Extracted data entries
--------------------------------------------------

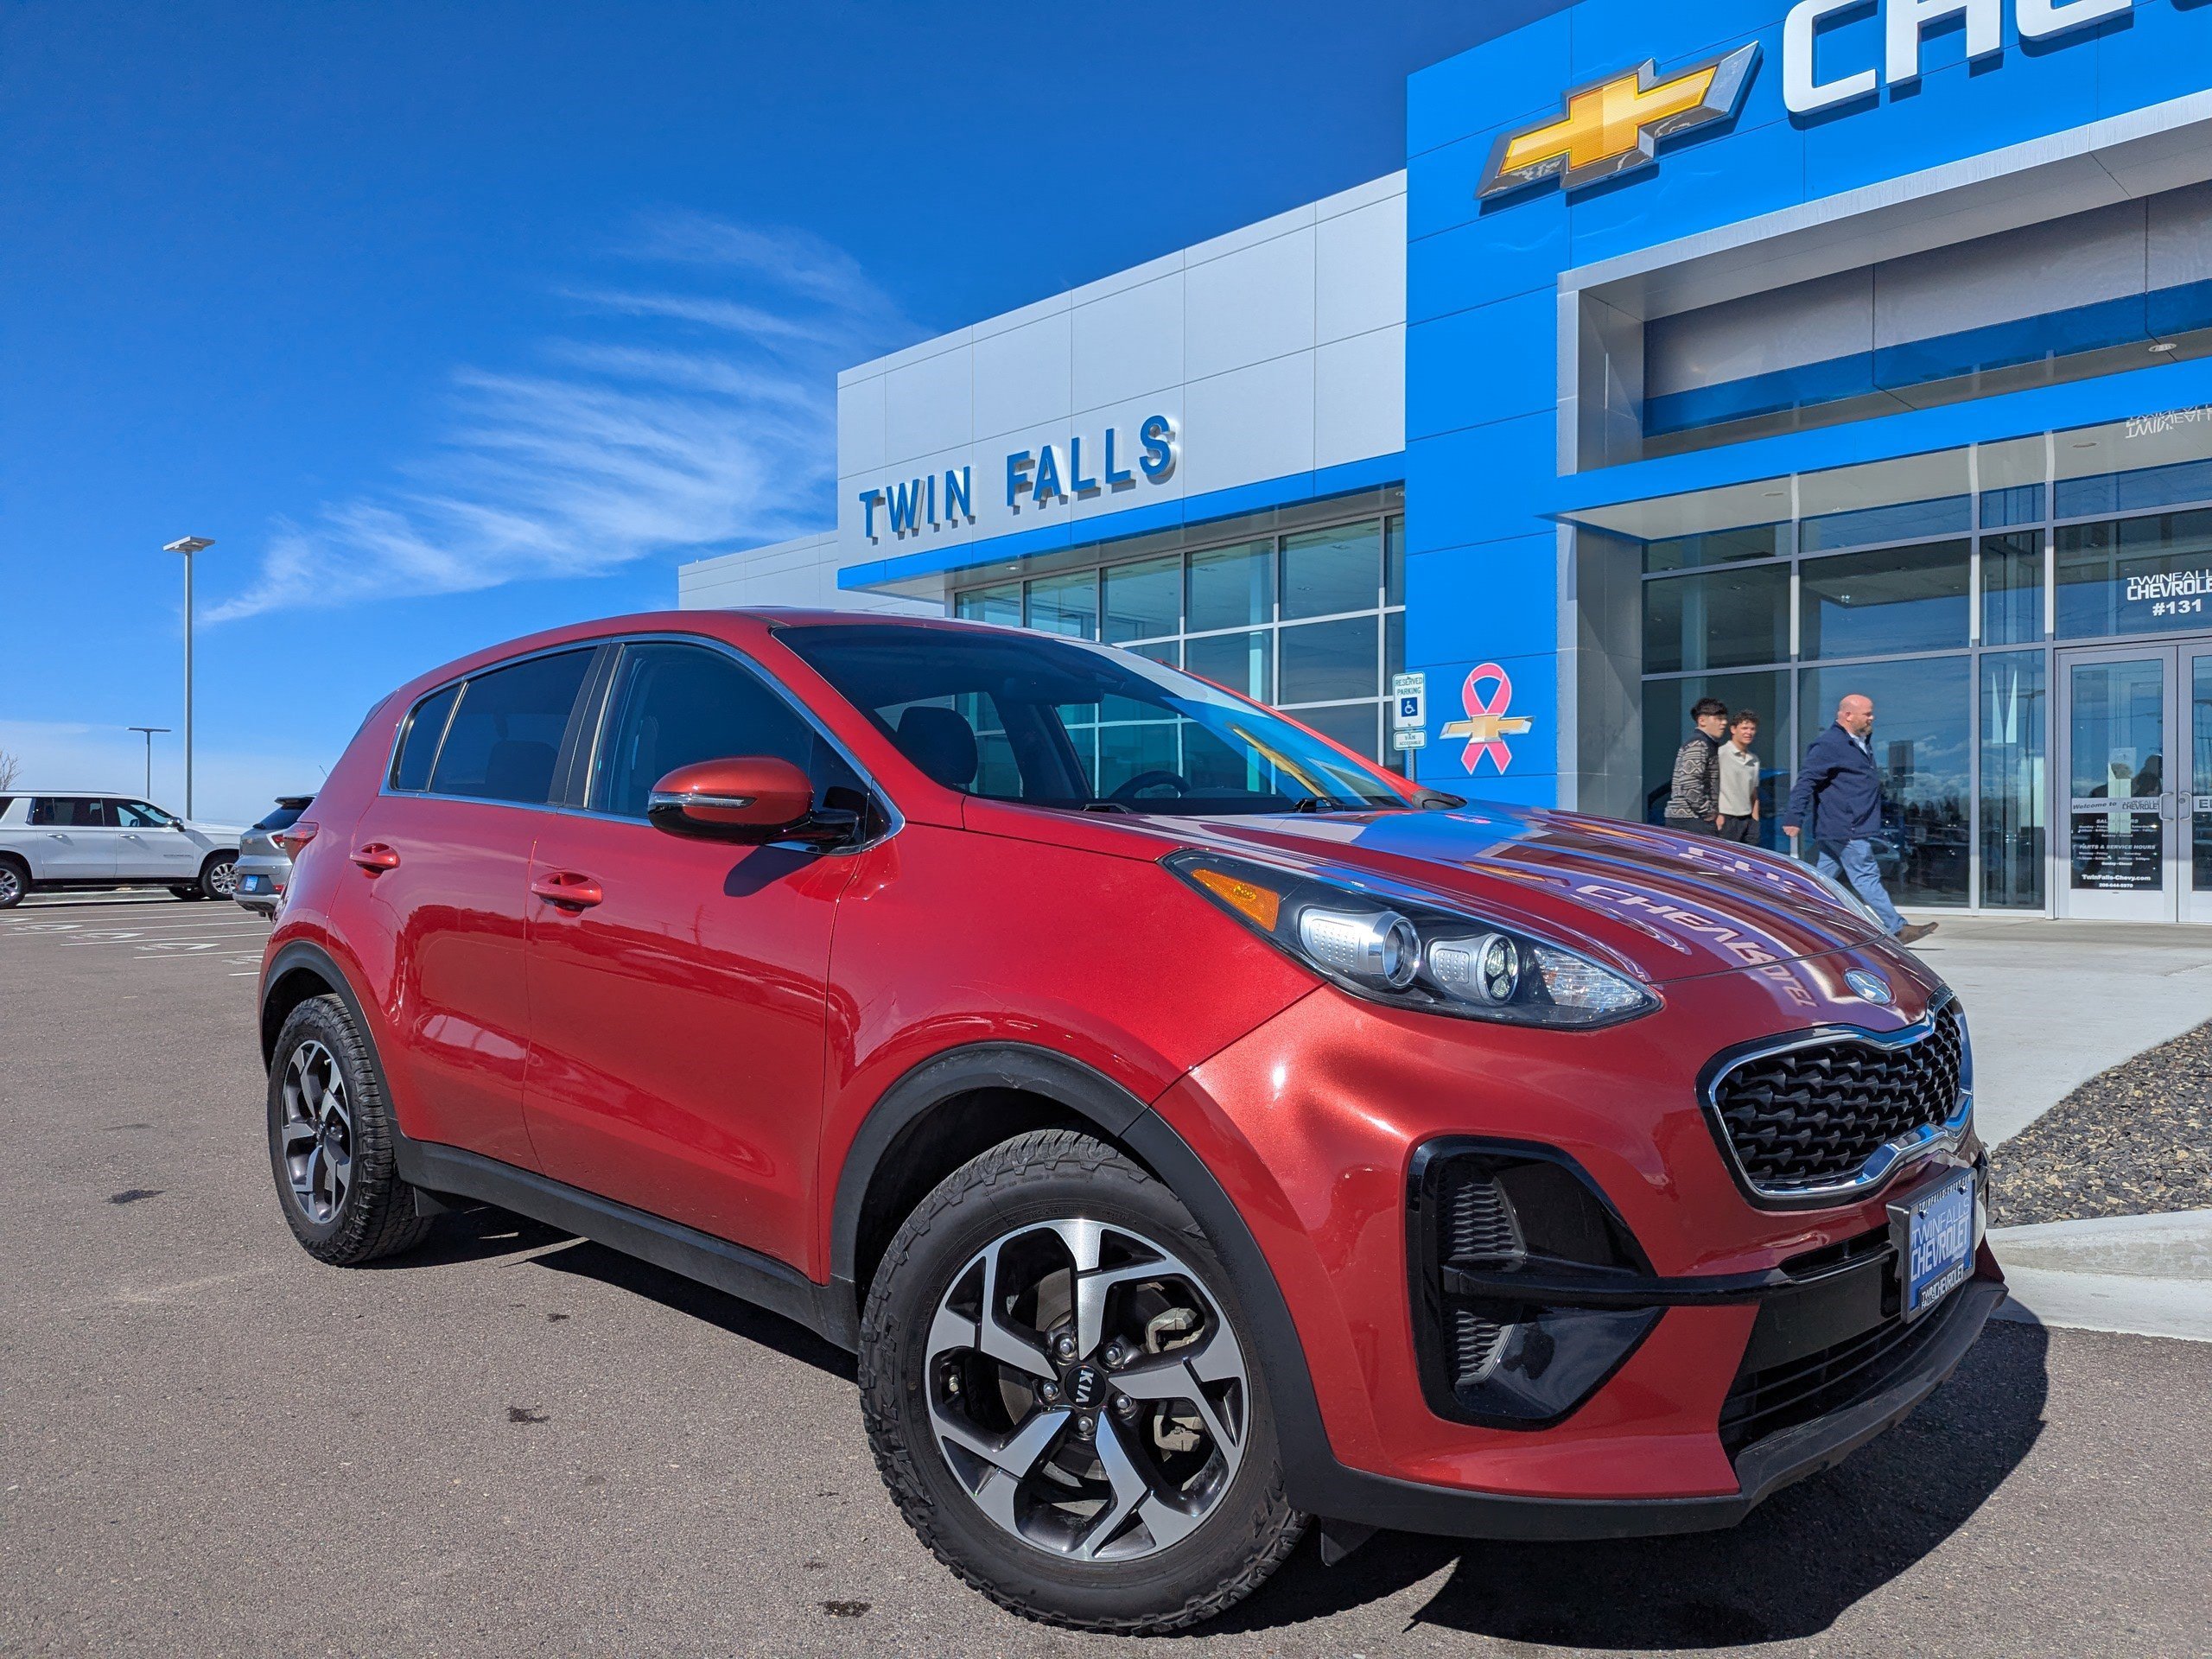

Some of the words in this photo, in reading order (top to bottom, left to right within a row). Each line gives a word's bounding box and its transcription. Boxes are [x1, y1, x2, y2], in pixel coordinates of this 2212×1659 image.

[859, 466, 971, 538] TWIN
[1007, 415, 1171, 507] FALLS
[2152, 599, 2202, 616] #131
[1395, 677, 1423, 686] RESERVED
[1396, 687, 1421, 696] PARKING
[1910, 1196, 1970, 1249] TWINFALLS
[1910, 1215, 1969, 1282] CHEVROLET
[1076, 1370, 1094, 1402] KIA
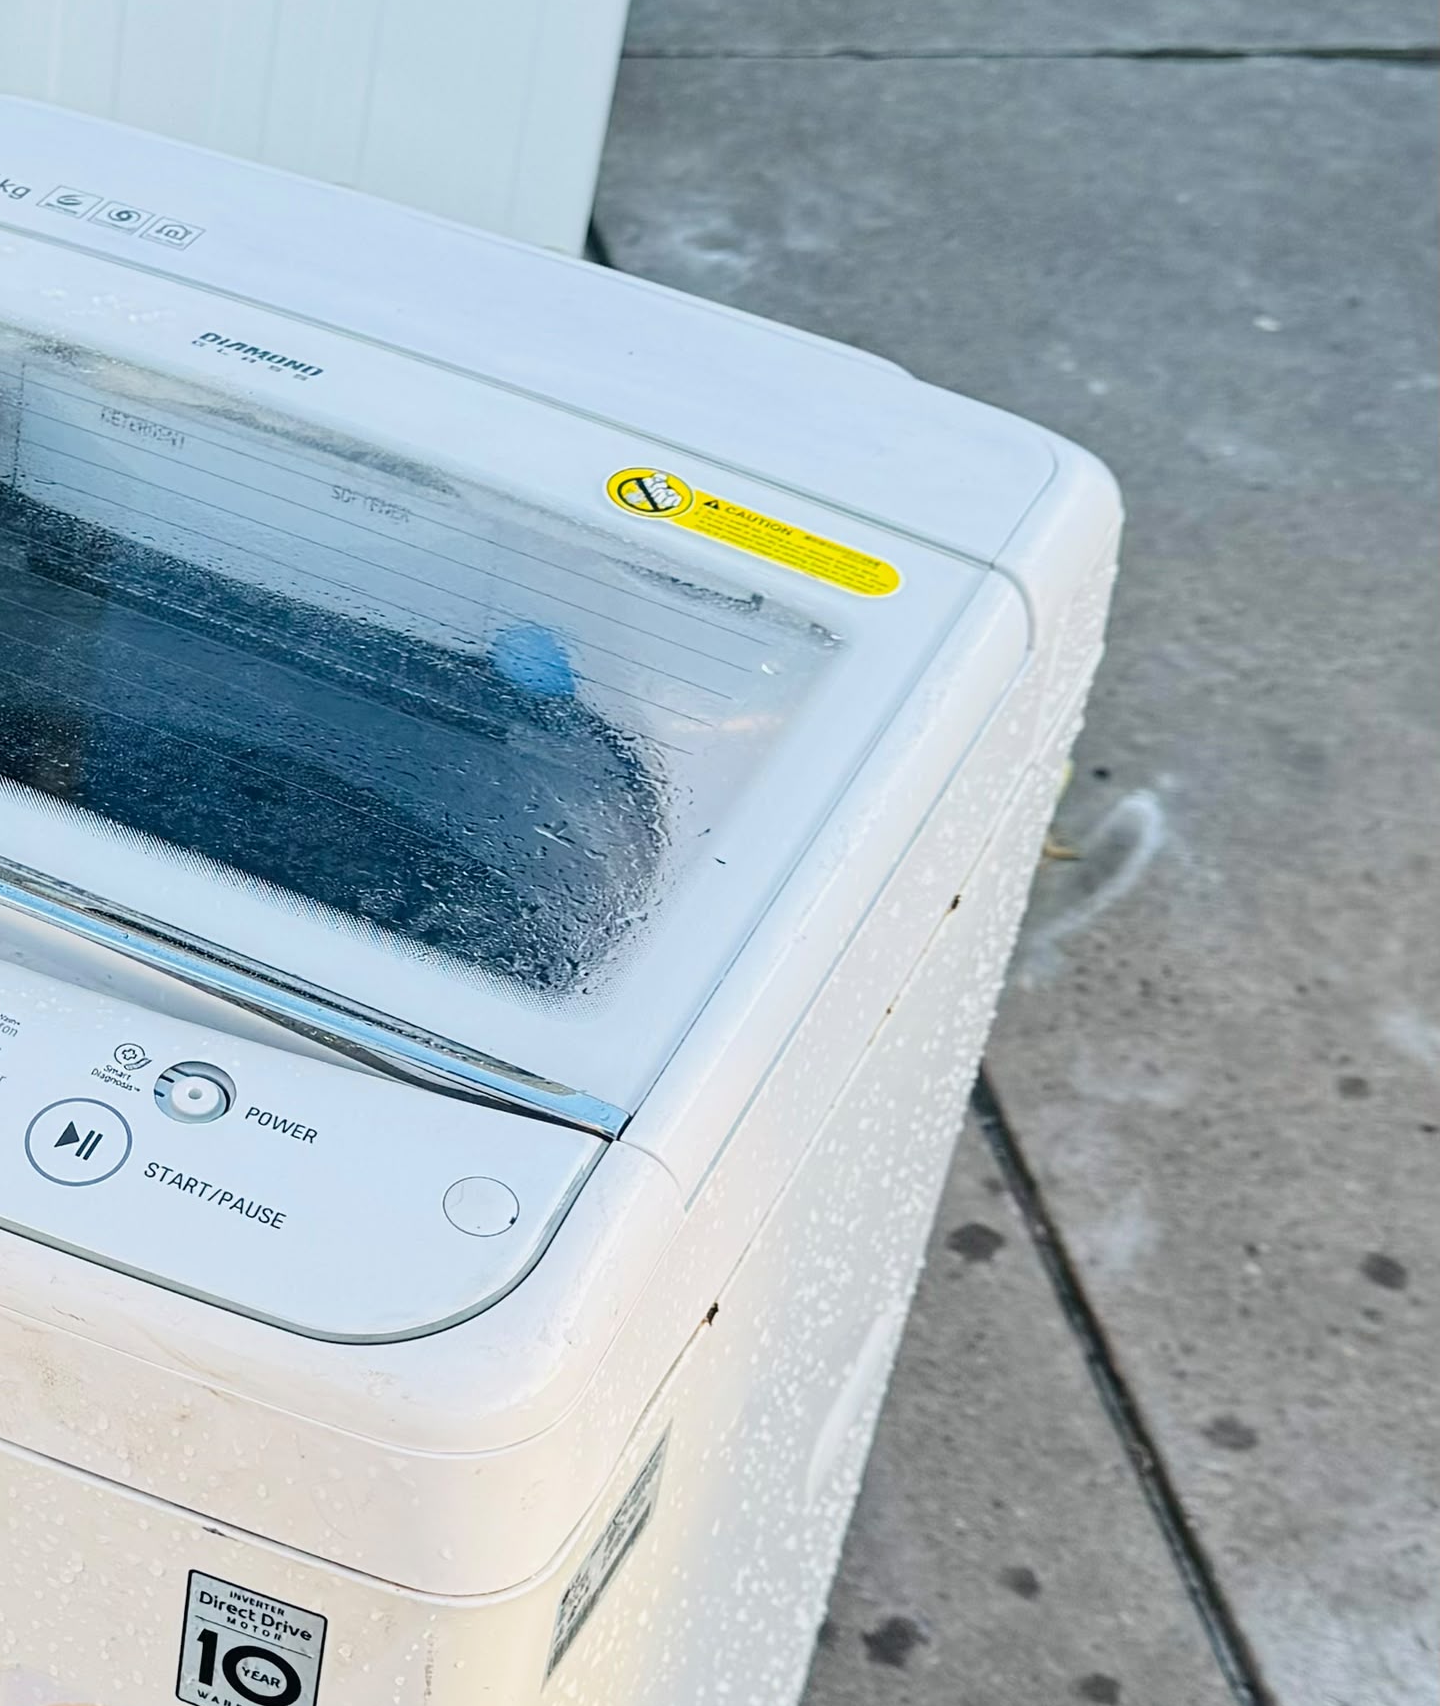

--------------------------------------------------

Aim of the exercise: Please transcribe each entry exactly and exclude any image it contains.

Task output:
Some of the words in this photo, in reading order (top to bottom, left to right within a row). Each line gives a word's bounding box and its transcription. Boxes are [x1, y1, x2, y2], in pixel coordinates of this 2212×1659 image.

[859, 466, 971, 538] TWIN
[1007, 415, 1171, 507] FALLS
[2152, 599, 2202, 616] #131
[1395, 677, 1423, 686] RESERVED
[1396, 687, 1421, 696] PARKING
[1910, 1196, 1970, 1249] TWINFALLS
[1910, 1215, 1969, 1282] CHEVROLET
[1076, 1370, 1094, 1402] KIA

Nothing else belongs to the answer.